+++ Provided data +++
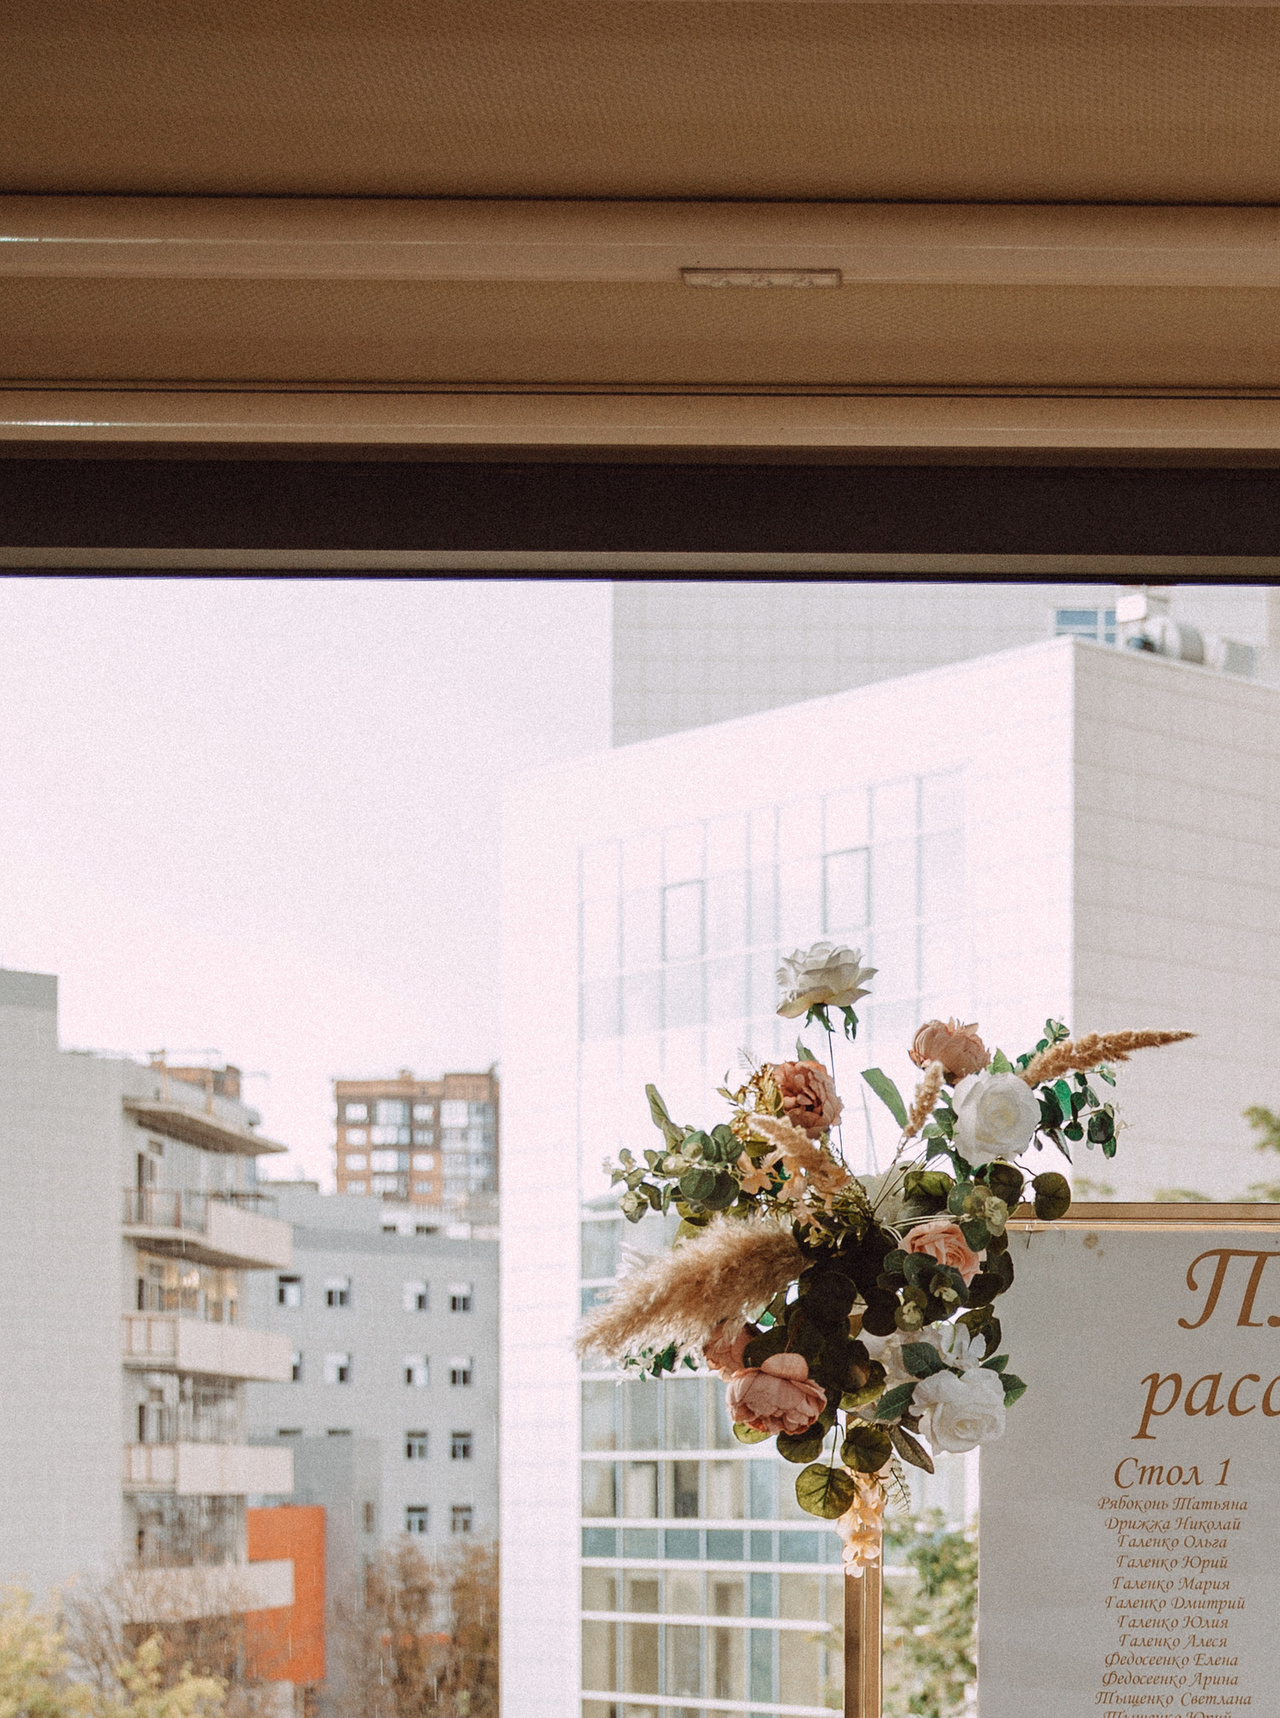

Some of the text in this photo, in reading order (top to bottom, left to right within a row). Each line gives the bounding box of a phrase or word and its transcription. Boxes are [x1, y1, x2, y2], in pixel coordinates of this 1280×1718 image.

[1114, 1457, 1230, 1489] Стол 1
[1098, 1495, 1247, 1511] Рябоконь Татьяна
[1105, 1518, 1240, 1534] Дрижжа Николай
[1118, 1535, 1227, 1550] Галенко Ольга
[1117, 1555, 1227, 1573] Галенко Юрий
[1113, 1577, 1230, 1594] Галенко Мария
[1105, 1596, 1245, 1614] Галенко Дмитрий
[1118, 1615, 1228, 1630] Галенко Юлия
[1119, 1634, 1227, 1649] Галенко Алеся
[1105, 1652, 1238, 1668] Федосеенко Елена
[1102, 1671, 1238, 1690] Федосеенко Арина
[1095, 1691, 1251, 1707] Тыщенко Светлана
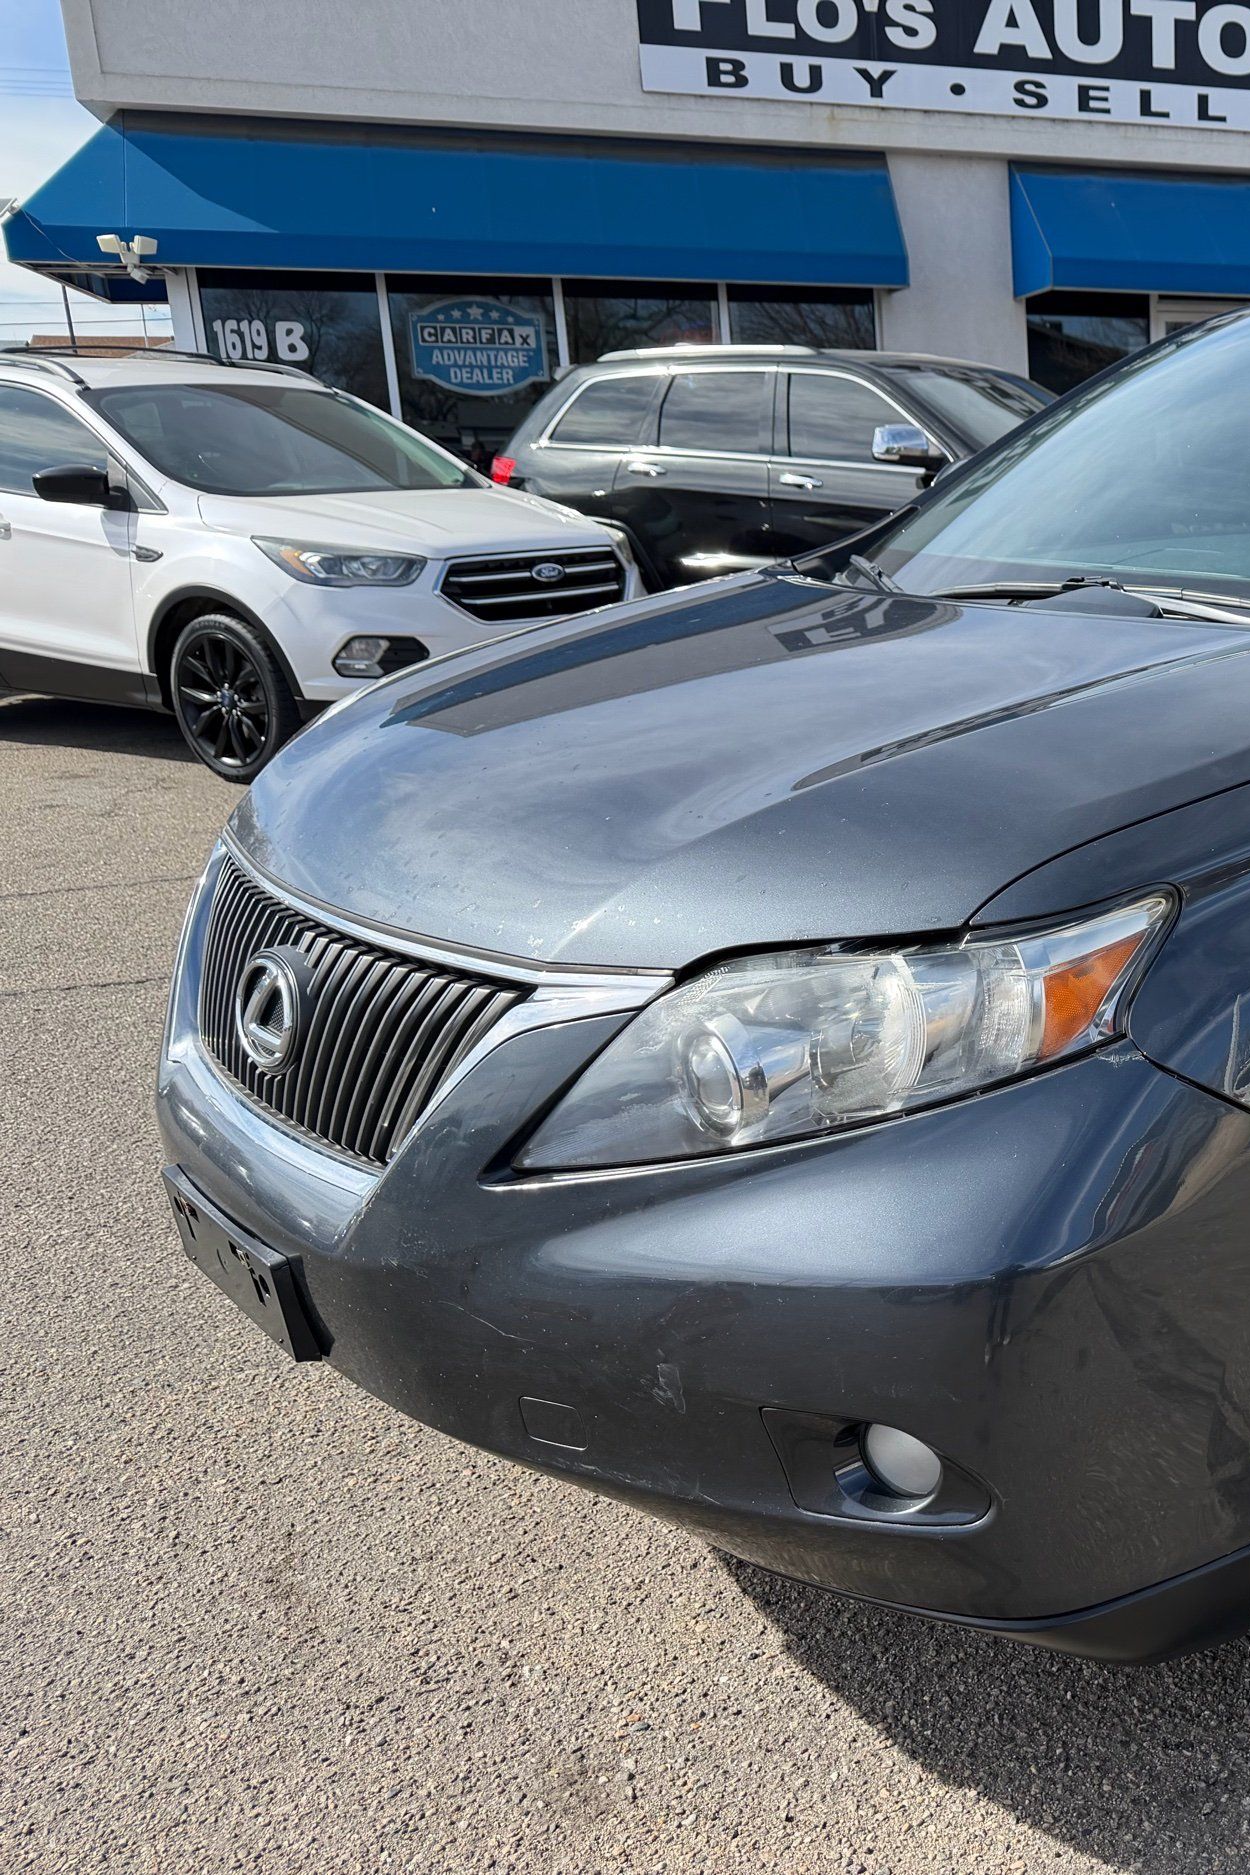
+++
**Task brief**
The output must be every line of the records, printed exactly, with the pictures omitted.

**Result of the task**
Some of the text in this photo, in reading order (top to bottom, left to right within a row). Each line gives the bounding box of a phrase or word and its transcription. Boxes are [x1, y1, x2, y2], in pixel coordinates of this 1280×1718 image.

[1114, 1457, 1230, 1489] Стол 1
[1098, 1495, 1247, 1511] Рябоконь Татьяна
[1105, 1518, 1240, 1534] Дрижжа Николай
[1118, 1535, 1227, 1550] Галенко Ольга
[1117, 1555, 1227, 1573] Галенко Юрий
[1113, 1577, 1230, 1594] Галенко Мария
[1105, 1596, 1245, 1614] Галенко Дмитрий
[1118, 1615, 1228, 1630] Галенко Юлия
[1119, 1634, 1227, 1649] Галенко Алеся
[1105, 1652, 1238, 1668] Федосеенко Елена
[1102, 1671, 1238, 1690] Федосеенко Арина
[1095, 1691, 1251, 1707] Тыщенко Светлана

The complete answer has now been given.